Excerpts from a dataset:
-*-*-
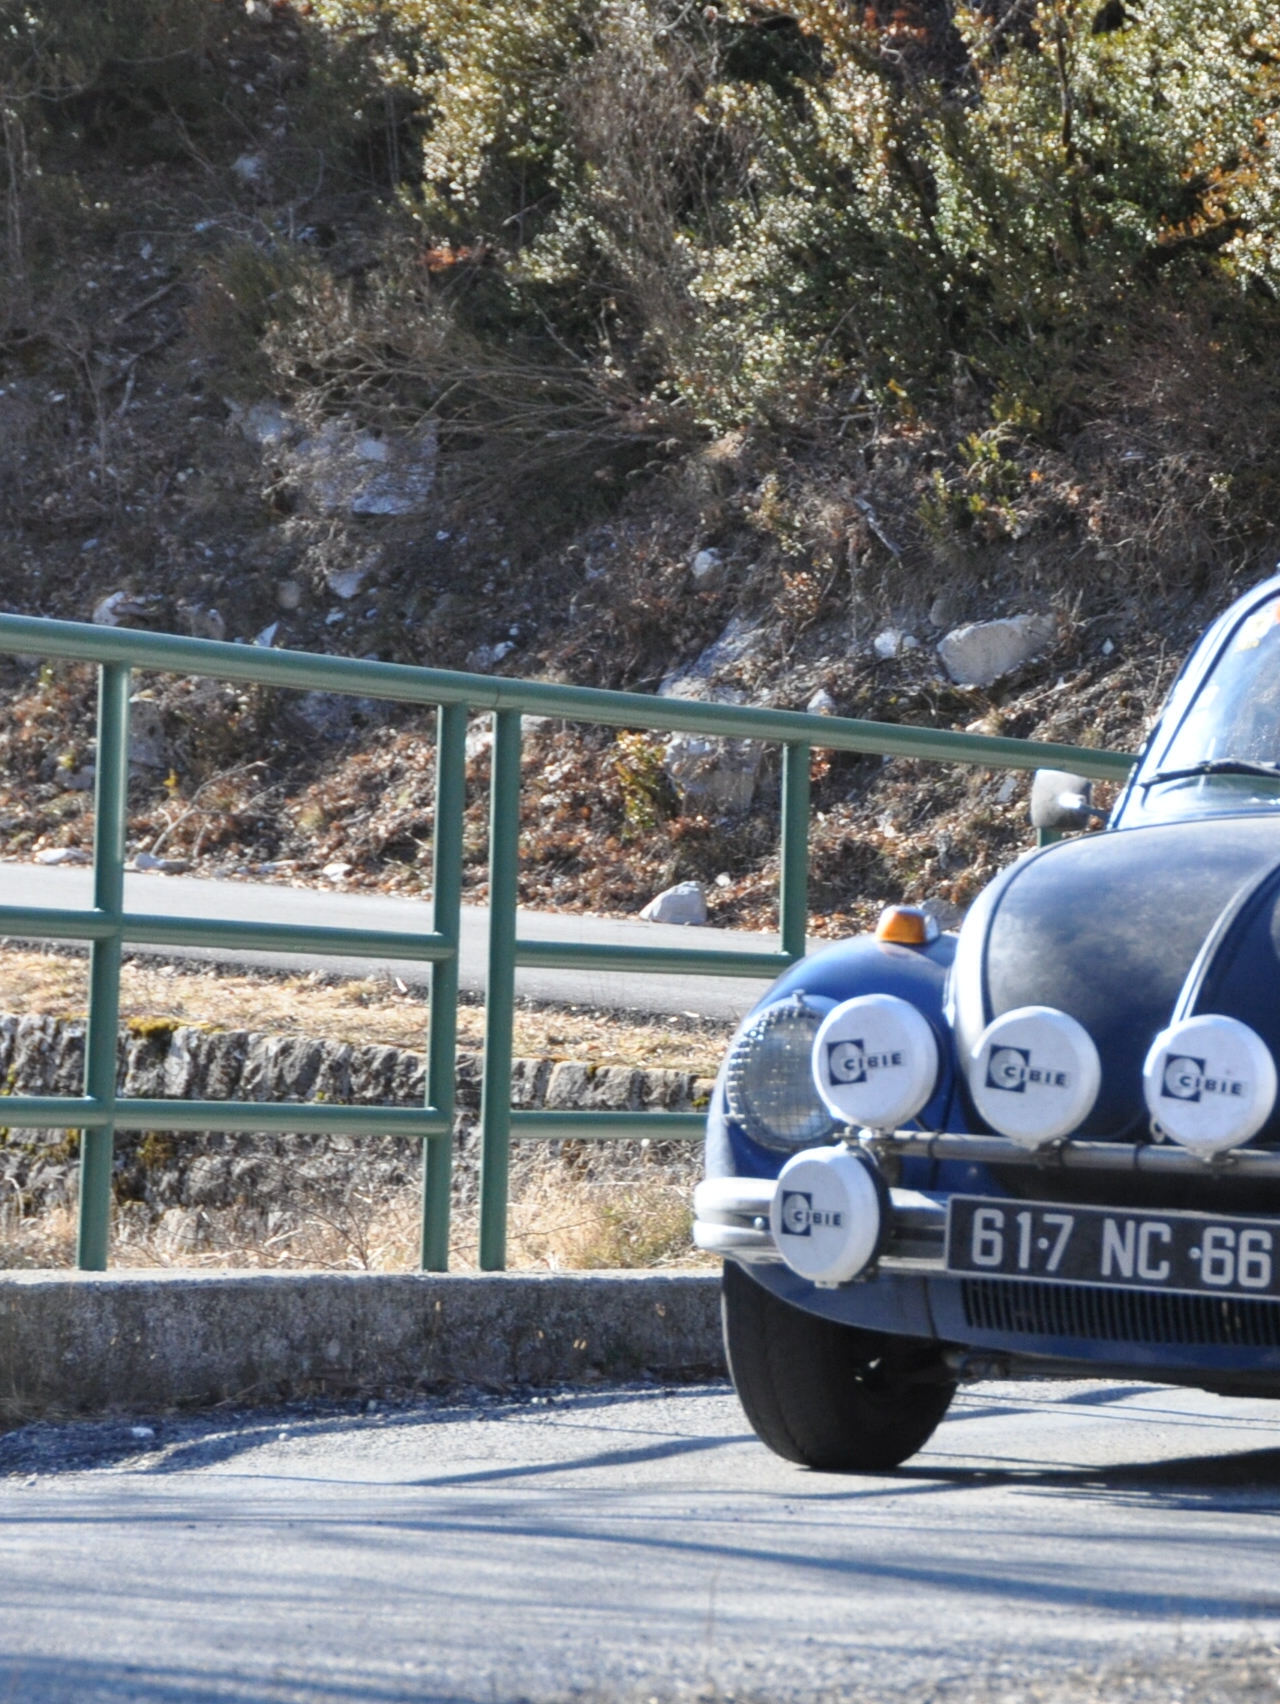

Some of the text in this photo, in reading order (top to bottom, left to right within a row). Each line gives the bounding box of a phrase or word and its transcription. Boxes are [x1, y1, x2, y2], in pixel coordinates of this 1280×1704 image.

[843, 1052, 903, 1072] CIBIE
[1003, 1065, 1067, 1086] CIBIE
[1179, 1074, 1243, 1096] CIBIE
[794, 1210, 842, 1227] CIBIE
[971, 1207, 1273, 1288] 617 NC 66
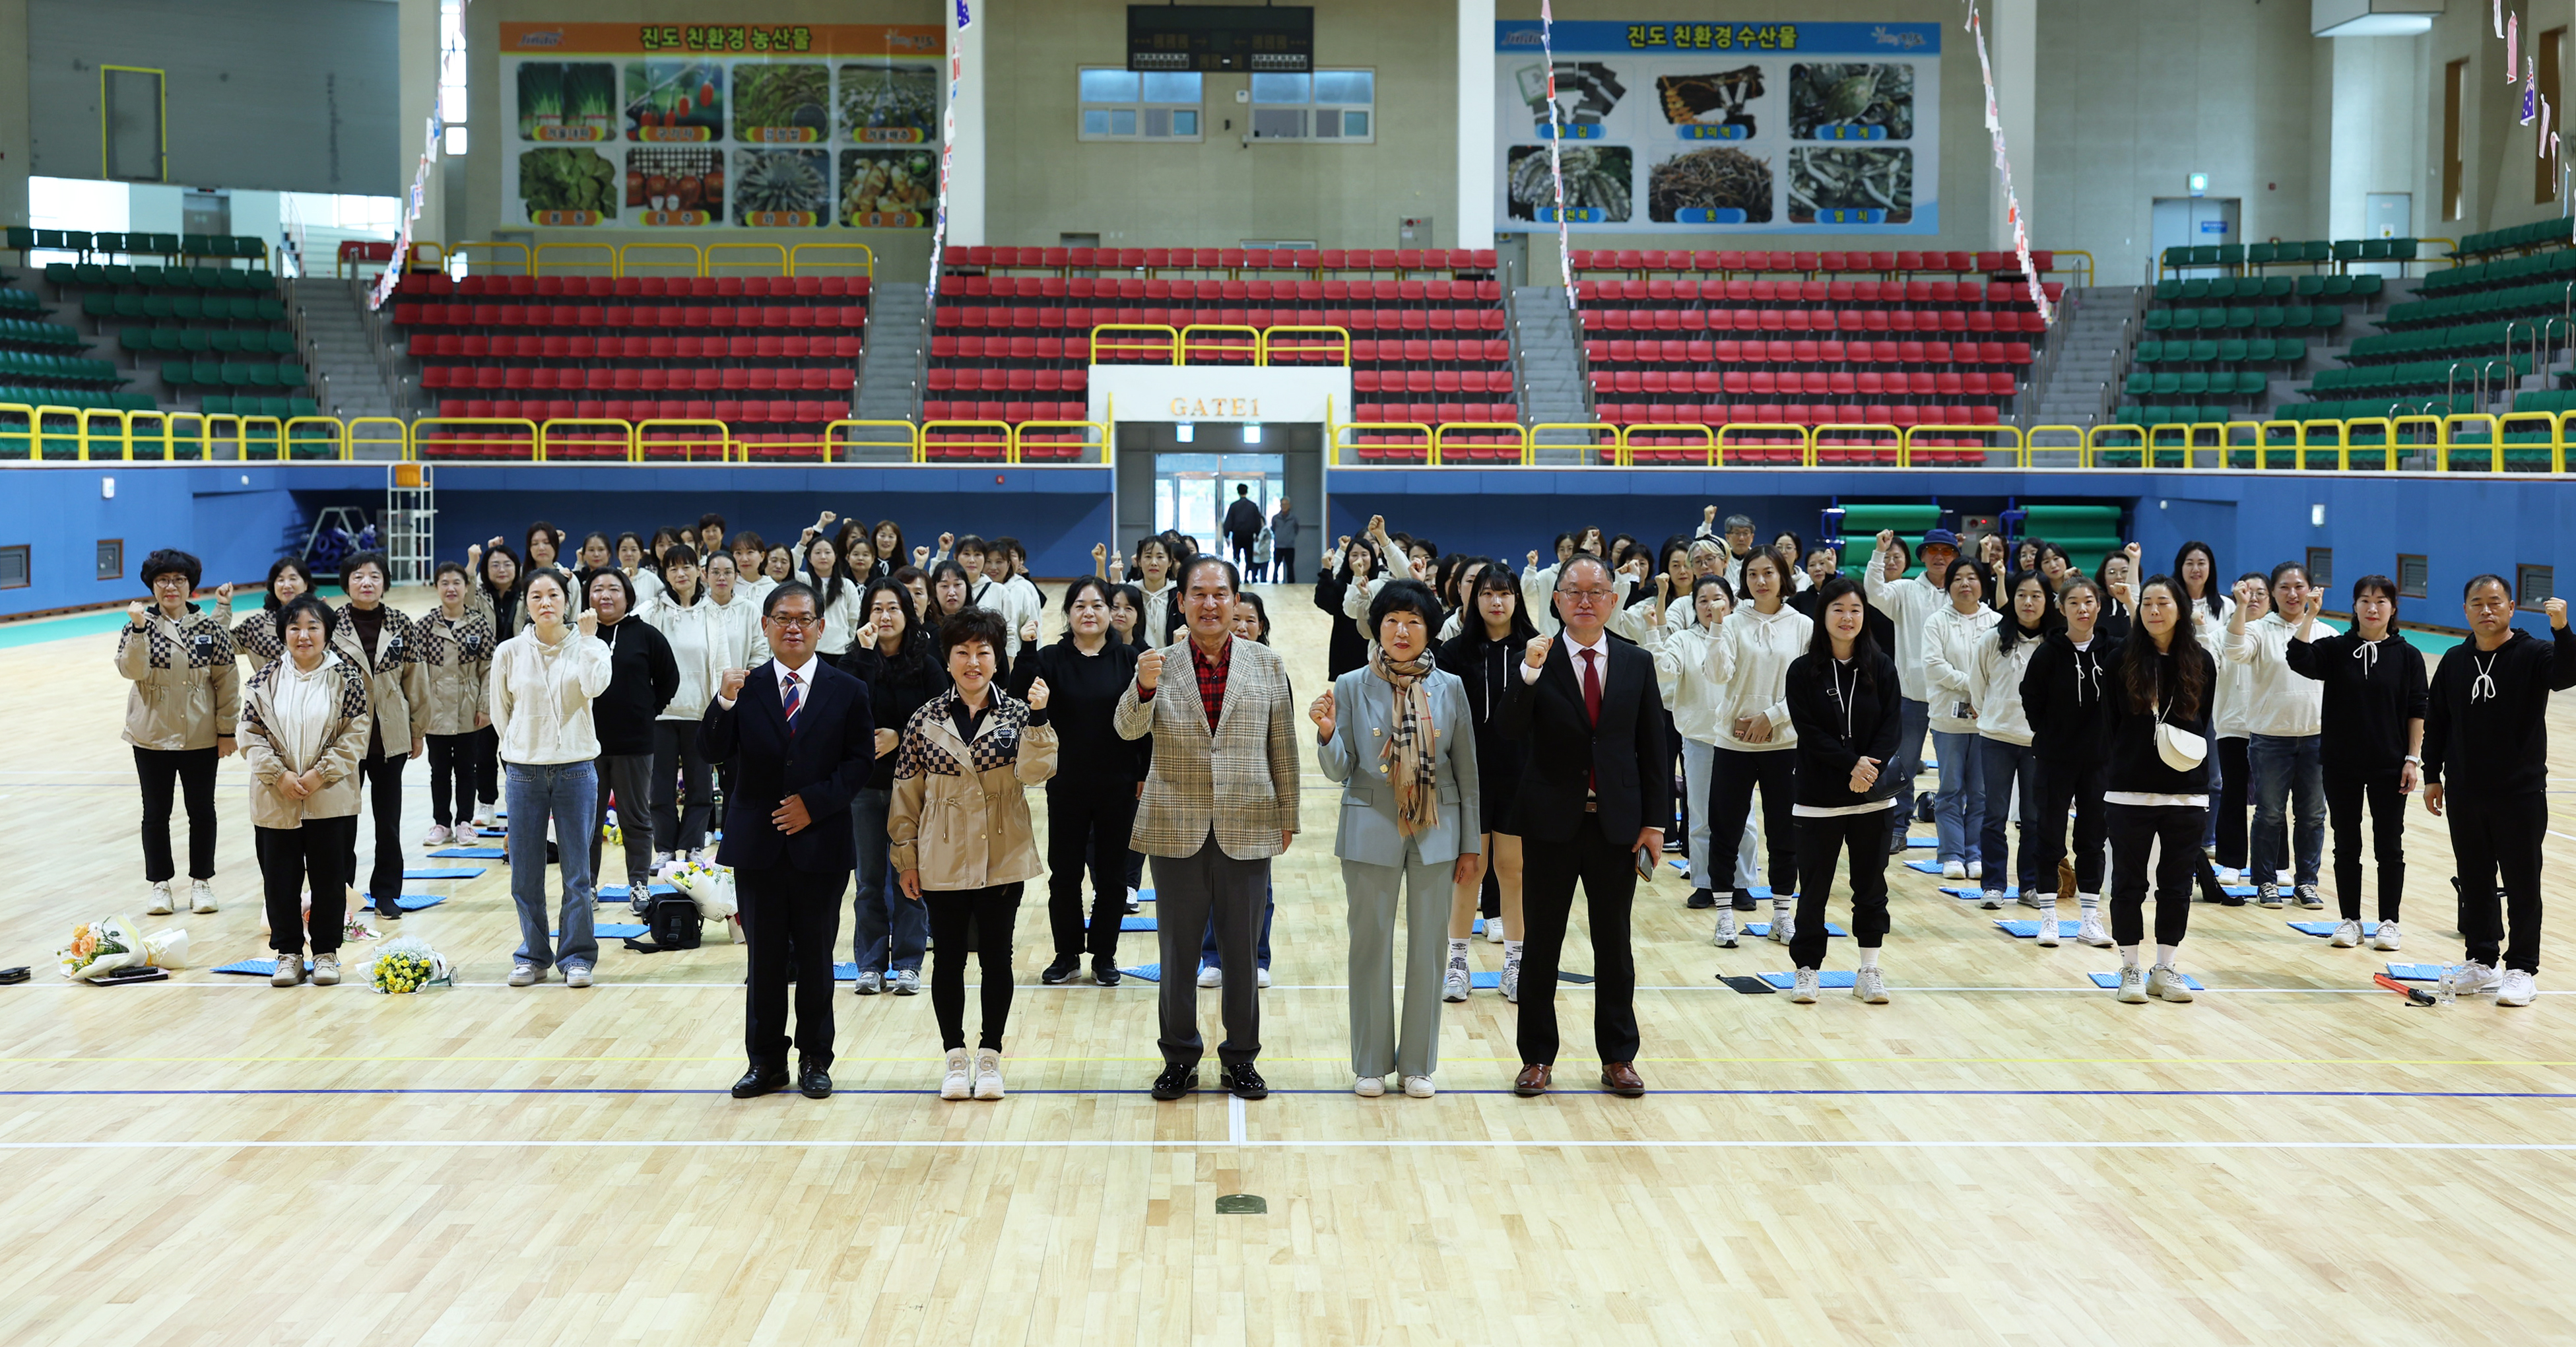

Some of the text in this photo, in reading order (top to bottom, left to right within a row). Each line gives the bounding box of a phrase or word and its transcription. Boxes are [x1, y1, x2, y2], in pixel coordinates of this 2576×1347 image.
-*-*-
TASK PROMPT
Reproduce each entry precisely; the pictures stay out.

ANSWER TO THIS EXERCISE
Some of the text in this photo, in reading order (top to bottom, left to right within a row). Each line gives the bounding box of a phrase or word and its transcription. Boxes are [x1, y1, x2, y2], in pixel coordinates of this 1280×1704 image.

[843, 1052, 903, 1072] CIBIE
[1003, 1065, 1067, 1086] CIBIE
[1179, 1074, 1243, 1096] CIBIE
[794, 1210, 842, 1227] CIBIE
[971, 1207, 1273, 1288] 617 NC 66

Some of the text in this photo, in reading order (top to bottom, left to right within a row). Each line gives the bounding box of a phrase or word and its transcription. Boxes are [x1, y1, x2, y2], in pixel coordinates of this 2576×1347 image.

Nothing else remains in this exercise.